In our daily study and work, we more or less encounter some data scraping needs, such as collecting paper lists under related topics when writing papers, collecting user reviews during operational activities, and collecting competitor data during competitive analysis.

When we start preparing to collect data, facing inefficient copy-paste work, we generally develop an idea: if only I knew how to scrape, I could get the data down in minutes. But when we search for related tutorials, we are often discouraged by the high learning cost. Take the most common python scraping currently, for beginners, they often need to overcome the following mountains:

图片 1

  • Learn a programming language: python
  • Learn the basic composition of web pages - HTML tags and CSS selectors, sometimes also need to understand some JavaScript
  • Learn the basic protocol for network communication - HTTP protocol
  • Learn common scraping frameworks and parsing libraries in python
  • ......

The above knowledge points cannot be mastered without several months. And for people without strong needs, with so many knowledge points, you will also constantly battle with forgetting.

So is there a tool that can scrape data without learning python? Combined with the article title, I think you already know what I'm going to recommend. Today I want to recommend Web Scraper, a lightweight data scraping tool.

image-20200517155544485

The advantage of Web Scraper is that it's beginner-friendly. When initially scraping data, it shields underlying programming and web knowledge, allowing for very quick entry. Just a few mouse clicks and you can build a custom scraper in minutes.
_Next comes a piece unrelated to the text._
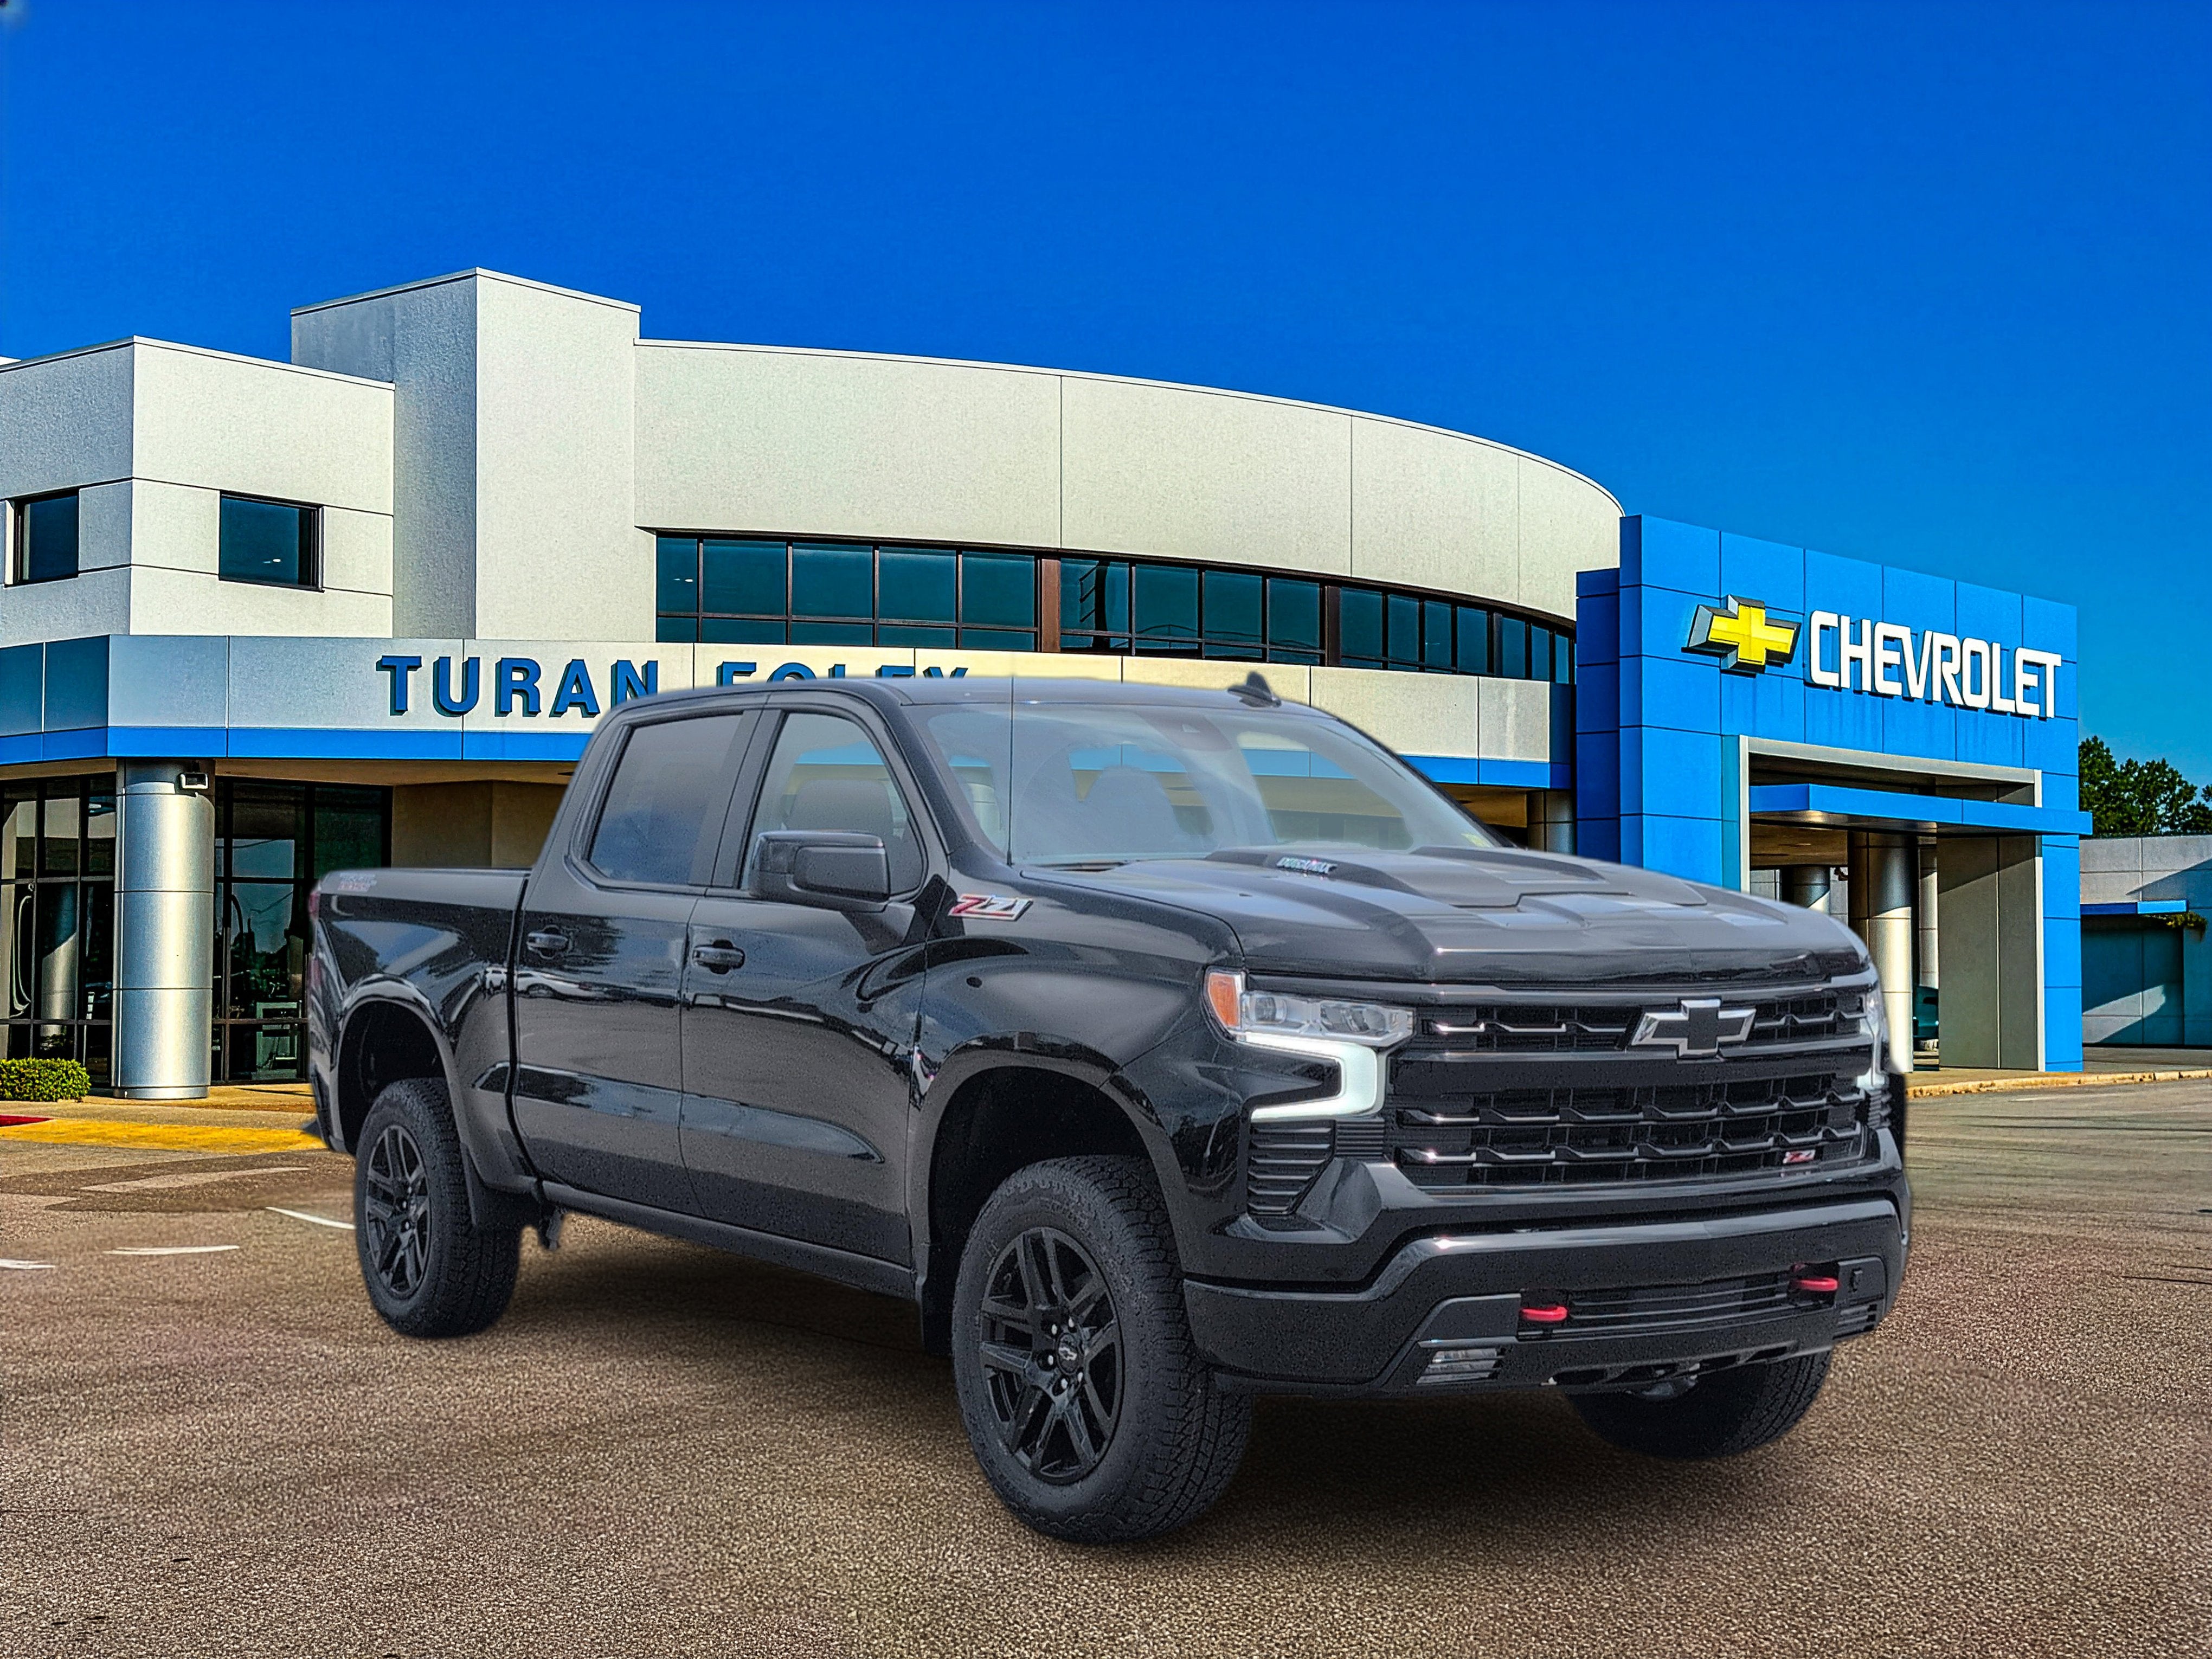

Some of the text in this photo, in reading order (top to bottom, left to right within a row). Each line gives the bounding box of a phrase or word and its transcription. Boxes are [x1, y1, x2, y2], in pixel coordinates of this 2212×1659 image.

[376, 655, 658, 717] TURAN
[1809, 610, 2062, 719] CHEVROLET
[948, 893, 1033, 921] Z71
In the past six months, I've written many tutorials about Web Scraper. This article is similar to a navigation article, connecting the key points of scraping and my tutorials. Fastest in one hour, at most one afternoon, you can master the use of Web Scraper and easily handle daily data scraping needs.


Plugin Installation

As a Chrome plugin, users with good network conditions can directly install it from the Chrome Web Store. Users with poor network conditions can download the plugin installation package for manual installation. For specific installation process, you can refer to my tutorial: Web Scraper Download and Installation.


Common Web Page Types

Combined with my data scraping experience and reader feedback, I generally divide web pages into three major types: single page, paginated list, and filter form.

image-20200517171919628

1. Single Page

Single pages are the most common web page type.

The articles we read daily and tweet detail pages can all be classified as this type. As the simplest and most common type of web page, the first practical scraping tutorial in the Web Scraper tutorials uses Douban Movies as a case study to introduce the basic usage of Web Scraper.

2. Paginated List

Paginated lists are also very common web page types.

Internet resources can be said to be infinite. When we visit a website, it's impossible to load all resources into the browser at once. The current mainstream approach is to load some data first, and then load the next part of the data as users interact (scroll, filter, paginate).

In the tutorial, I spent considerable effort explaining how Web Scraper can scrape data from different pagination types of websites. Because there's a lot of content, I'll introduce it in detail in the next section of this article.

3. Filter Form

Form-type web pages are more common on PC websites.

The biggest characteristic of this type of web page is that it has many filter options, and different selections will load different data. The combinations are varied and the interaction is relatively complex. For example, Taobao's shopping filter page.

taobao_filter

Unfortunately, Web Scraper's support for complex filter pages is not very good. If the filter conditions can be reflected in the URL link, then related data can be scraped; otherwise, filtered data cannot be scraped.


Common Pagination Types

Paginated lists are very common web page types. According to the interaction when loading new data, I divide paginated lists into 3 major types: scroll loading, paginator loading, and click next page loading.

image-20200517172111386

1. Scroll Loading

img

When we browse Moments or Weibo, we always emphasize the word "browse" because when looking at updates, when we pull the content to the end of the screen, the APP will automatically load the next page of data. From an experience perspective, data will continuously load, seemingly never-ending.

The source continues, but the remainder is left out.